Beyond the subject matter, Psychology 711 is as unique a class as any you’ll find in higher education. The course is organized around a national symposium on emotion that will be held May 2-3 on campus, bringing together some of the top researchers in the field — the same people whose work students have studied for 15 weeks.
Rather than idle observers, the students will become direct participants in the conference.
“This is the most fun class I’ve ever taught,” says psychologist Carol Ryff, who organized the third annual conference. “It is an incredibly unique opportunity for students to study the current work of top researchers, then meet and interact with them at the end of the semester.”

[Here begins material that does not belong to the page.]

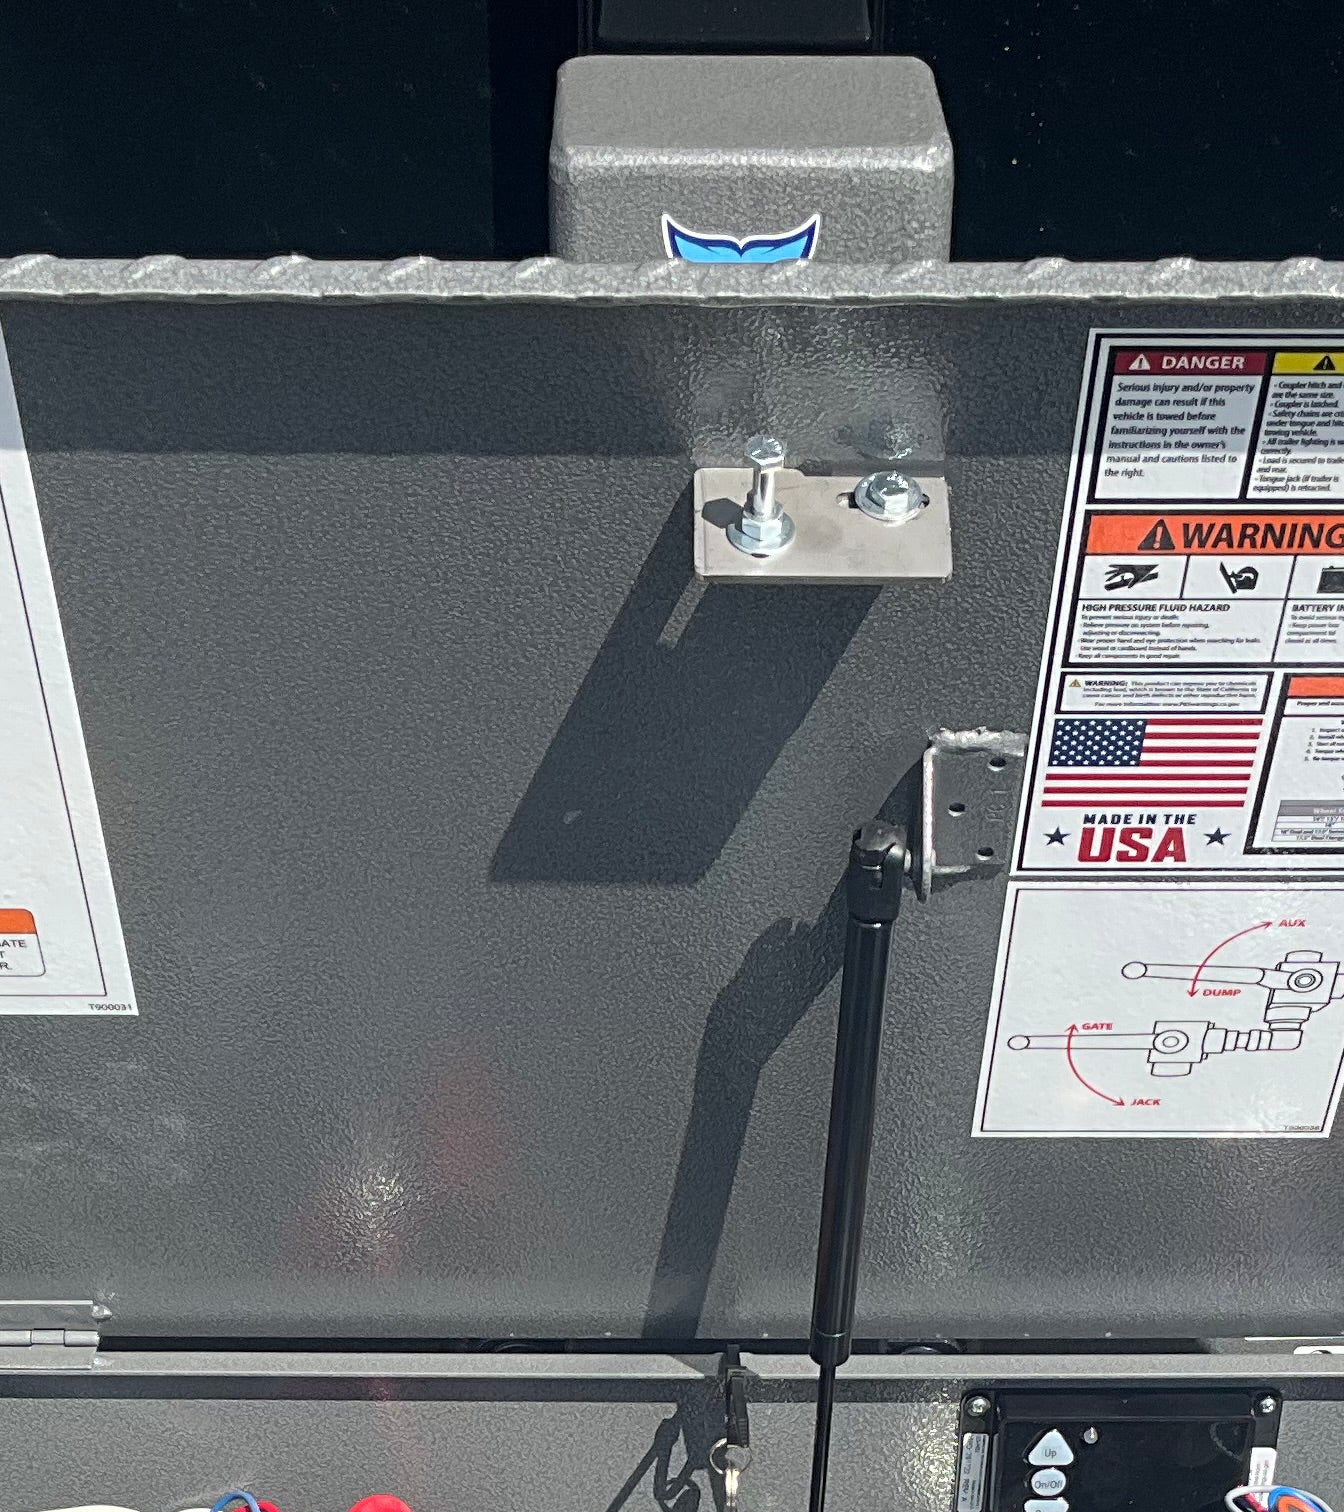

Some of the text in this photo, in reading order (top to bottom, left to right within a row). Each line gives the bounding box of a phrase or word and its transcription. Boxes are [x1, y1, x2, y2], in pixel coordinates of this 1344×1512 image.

During the semester, each of the course’s 15 students leads a 45-minute presentation on the research of one of the presenters. At the symposium, those students will lead question-and-answer sections on that research.
Students also write a critical review of the research and propose new research directions in the field. Those writings will be part of a bound volume published after the symposium.
“This approach raises the stakes in the classroom,” Ryff says. “Knowing you will meet these people and socialize with them is motivation to really get on top of the material.”
The annual symposia began in 1995 to highlight UW–Madison’s prominence in research on emotion and health. The National Institutes of Health (NIH) established a national Center for Behavioral Science Research here in 1993 with a $3 million grant.
Students in the class come from eight academic departments, underscoring the wide reach of this research. Departments include psychology, sociology, nursing, continuing education and kinesiology.
Meg Wise, a graduate student in continuing education, says she was impressed with the wide variety of disciplines the class covers. “Having the symposium looming at the end helps us focus our energies, and bring all the information back to a single theme,” she says. “The class showed that a broad approach to science can still be focused.”
Ted Robles, one of the class’s two undergraduates, says he is intrigued by the newness of the field, which made the course material relevant and current. The field itself, he says, is moving from “folk wisdom” to research that is proving emotion and health connections. “We’re showing the science behind this,” he says.
The conference will feature six researchers from other universities, as well as Ryff and Christopher Coe from the UW–Madison psychology department. Research topics include a study of how emotional support groups impact the health of breast cancer patients; how the parent-child relationship can influence the health of both parties; and how stress during vulnerable points in life can weaken the immune system.